Mixing a straightforward war film with a human story as complex as this takes some skill and largely, Eastwood pulls it off, though some time-frame aspects aren't always completely clear. The battle scenes are very well done, with excellent sound - the film had two nominations for sound related Oscars - and generally looked convincing.

It's essentially a comparison between what boosted the morale of the great American public and the War Machine fundraising campaigns and what actually happened on that tiny wasteland of that strategic island of Iwo Jima in 1945. How U.S. troops suffered their heaviest losses of the Pacific conflict and by their very action of raising the Stars and Stripes over Mt Suribachi created an iconic landmark of symbolic imagery, that represented victory, freedom and overall, hope to the folks back home.

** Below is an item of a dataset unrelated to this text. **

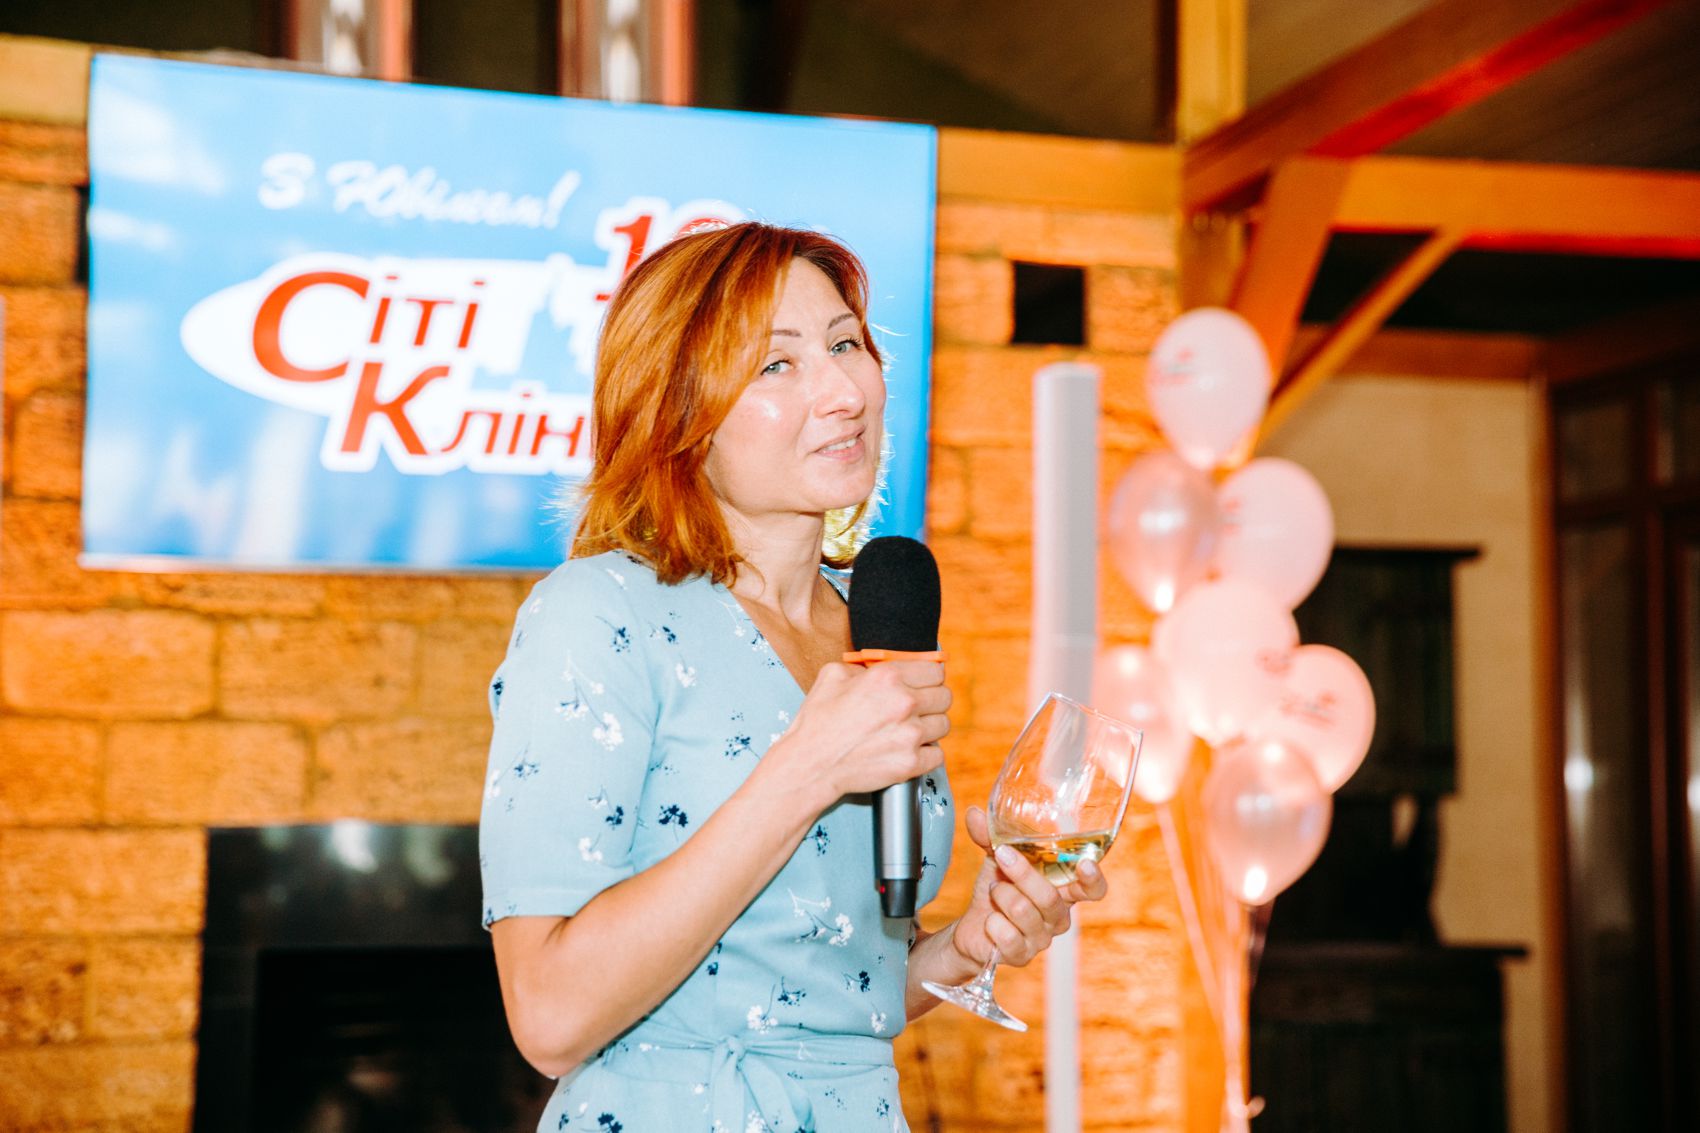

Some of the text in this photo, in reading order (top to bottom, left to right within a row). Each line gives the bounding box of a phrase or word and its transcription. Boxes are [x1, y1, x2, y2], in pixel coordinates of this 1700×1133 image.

The photograph taken of that hoisting gets used to propagate fundraising via war bonds back home. Three of the six troops who were photographed undertaking the flag's erection are roped in to add testament to the heroic deed at posh dinners and events that are a very far cry from the theatre of war that they lost their comrades in. Unfortunately, the memory of those who fell at the scene get forgotten as the facts get blurred, to suit the propaganda. The three find handling this branding of being heroes and forever on public display difficult to varying degrees and we witness their changing behaviour.

The cast of largely unknowns (including Brit Jamie Bell) do a fine job and this lack of star power keeps the film's thrust of anti-heroism in check.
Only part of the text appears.